== TASK PROMPT ==
The records are to be repeated exactly, and any images in them are to be dropped.

------ SUPPLIED DATA ------

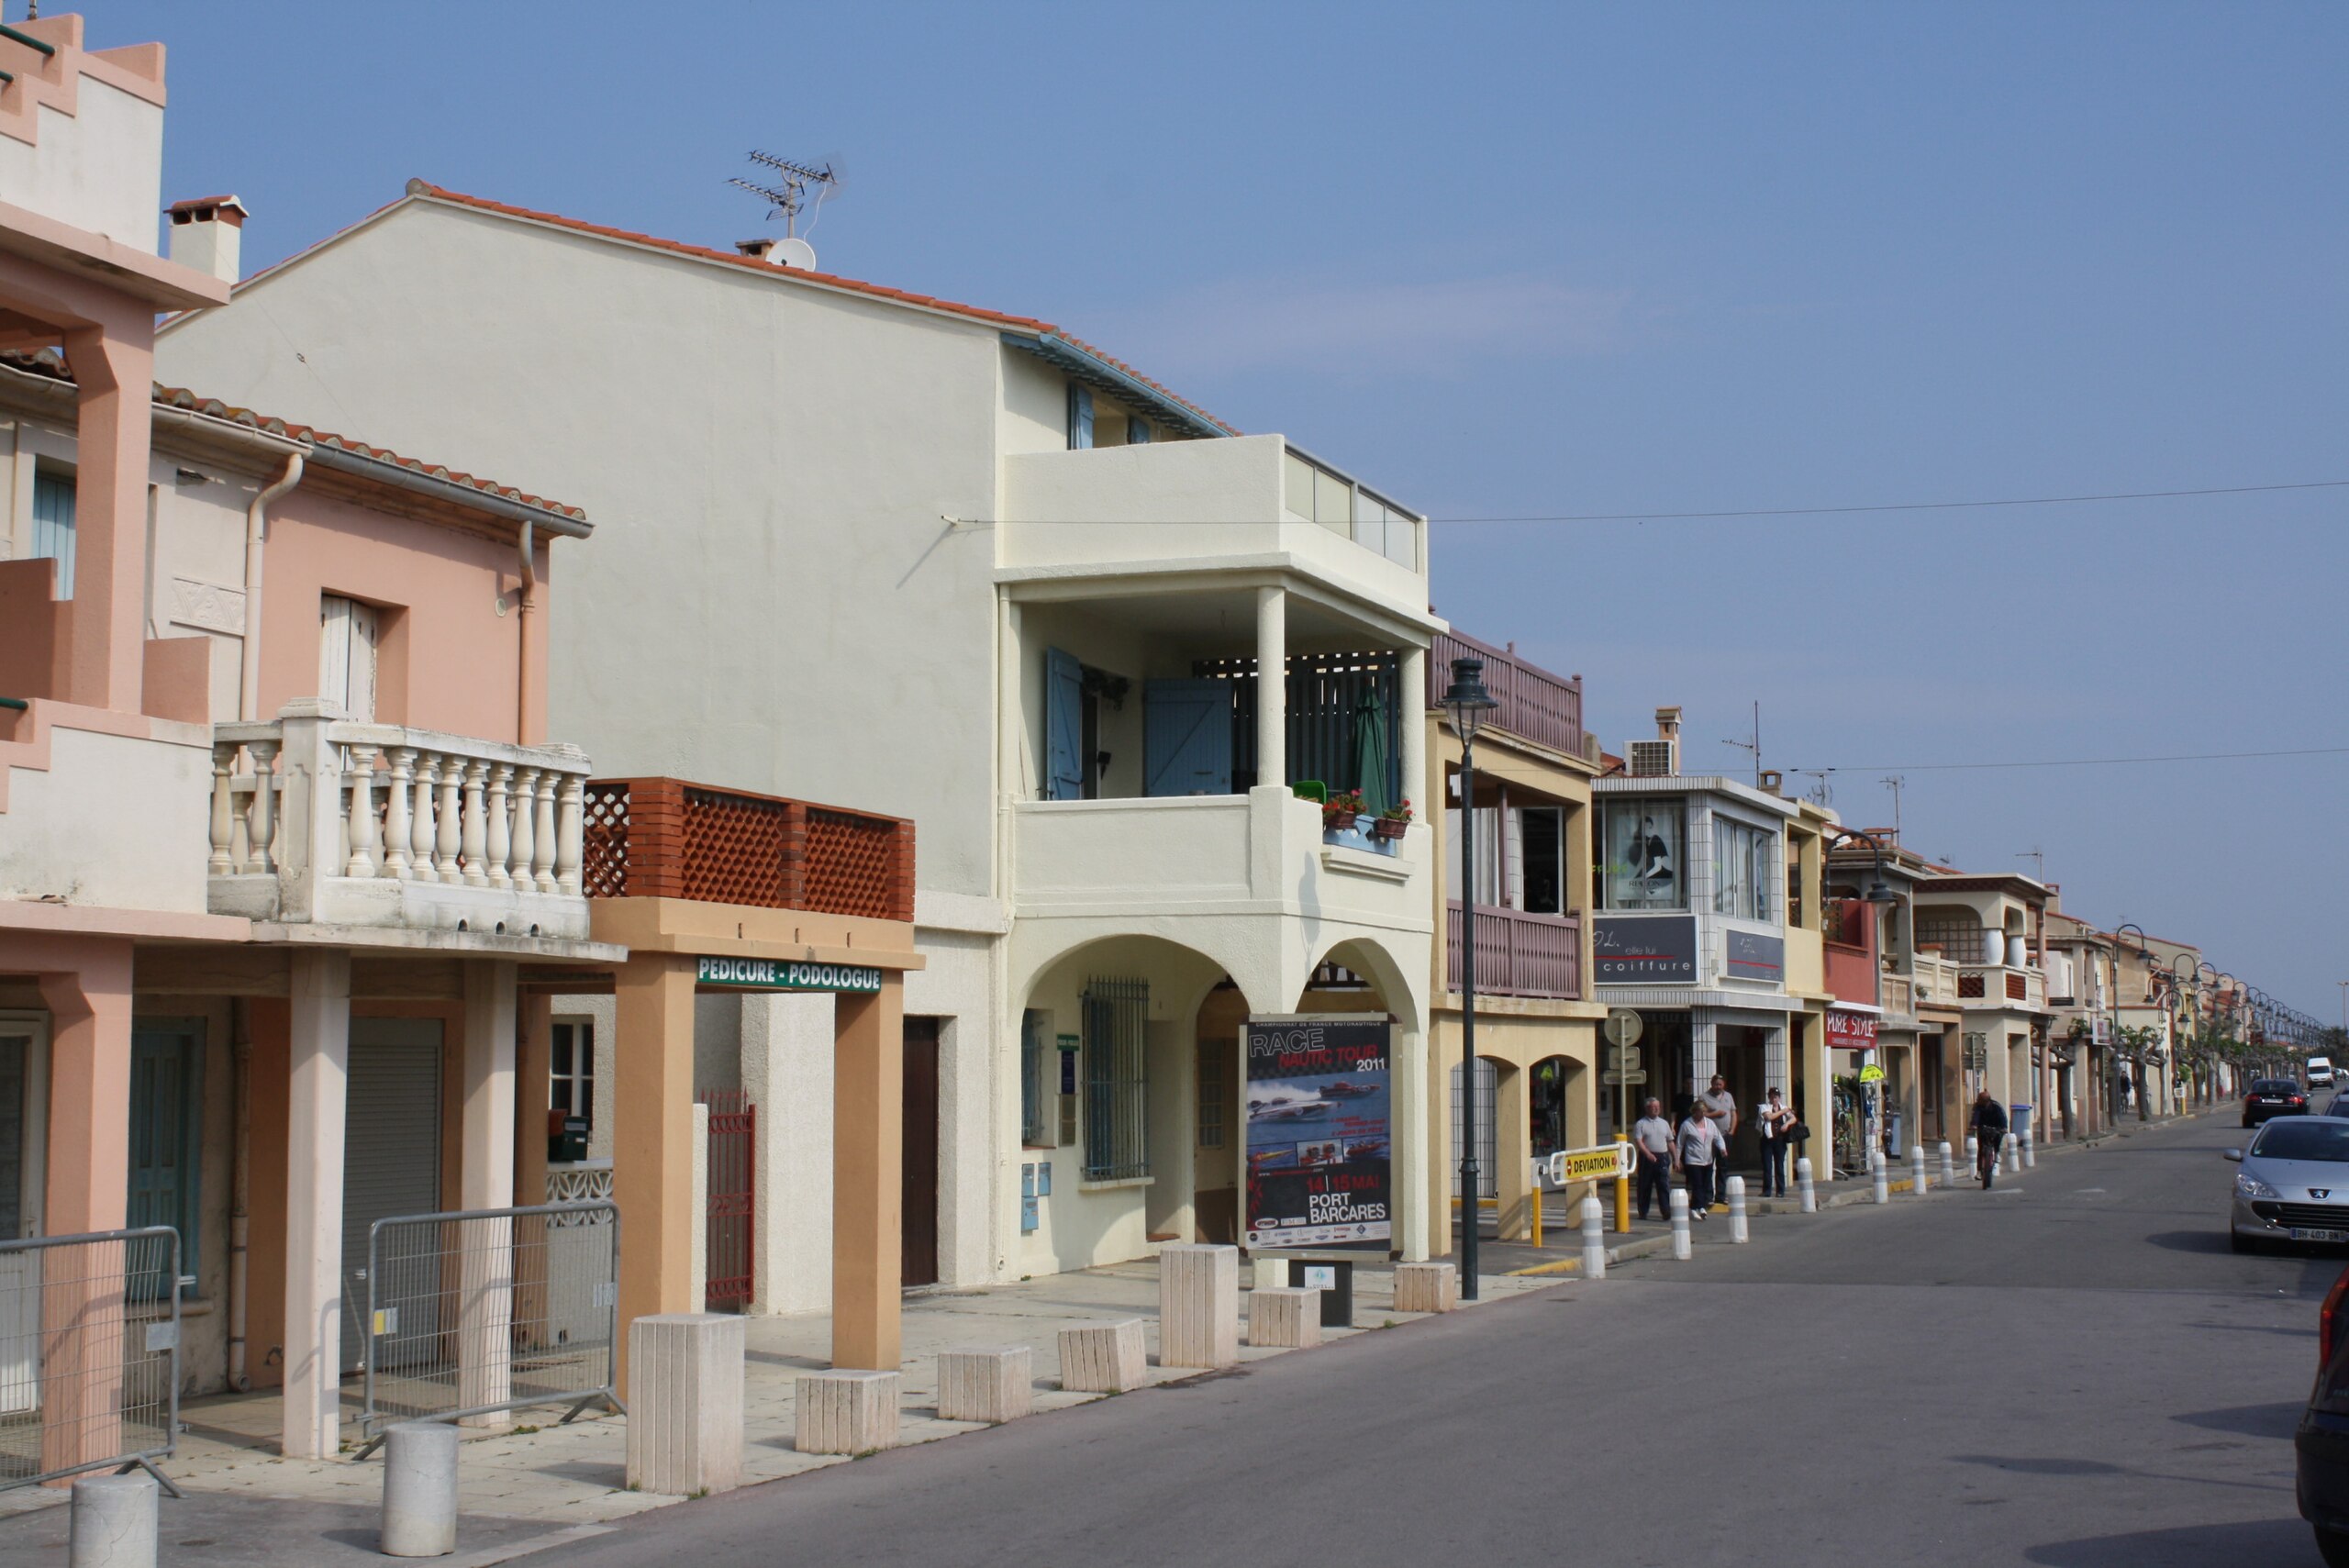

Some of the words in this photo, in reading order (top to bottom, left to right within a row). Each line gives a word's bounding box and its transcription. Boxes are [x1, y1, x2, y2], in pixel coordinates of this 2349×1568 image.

[1629, 880, 1659, 888] REVON
[699, 958, 774, 983] PEDICURE
[789, 963, 880, 989] PODOLOGUE
[1603, 961, 1690, 972] coiffure
[1827, 1011, 1847, 1034] PURE
[1852, 1014, 1874, 1038] STYLE
[1249, 1028, 1325, 1058] RACE
[1278, 1048, 1334, 1069] NAUTIC
[1336, 1043, 1378, 1062] TOUR
[1356, 1057, 1386, 1073] 2011
[1574, 1156, 1610, 1173] DEVIATION
[1307, 1176, 1325, 1193] 14
[1332, 1174, 1350, 1191] 15
[1353, 1173, 1380, 1190] MAI
[1309, 1193, 1351, 1208] PORT
[1310, 1203, 1386, 1224] BARCARES

------

== RESULT ==
Some of the words in this photo, in reading order (top to bottom, left to right within a row). Each line gives a word's bounding box and its transcription. Boxes are [x1, y1, x2, y2], in pixel coordinates of this 2349×1568 image.

[1629, 880, 1659, 888] REVON
[699, 958, 774, 983] PEDICURE
[789, 963, 880, 989] PODOLOGUE
[1603, 961, 1690, 972] coiffure
[1827, 1011, 1847, 1034] PURE
[1852, 1014, 1874, 1038] STYLE
[1249, 1028, 1325, 1058] RACE
[1278, 1048, 1334, 1069] NAUTIC
[1336, 1043, 1378, 1062] TOUR
[1356, 1057, 1386, 1073] 2011
[1574, 1156, 1610, 1173] DEVIATION
[1307, 1176, 1325, 1193] 14
[1332, 1174, 1350, 1191] 15
[1353, 1173, 1380, 1190] MAI
[1309, 1193, 1351, 1208] PORT
[1310, 1203, 1386, 1224] BARCARES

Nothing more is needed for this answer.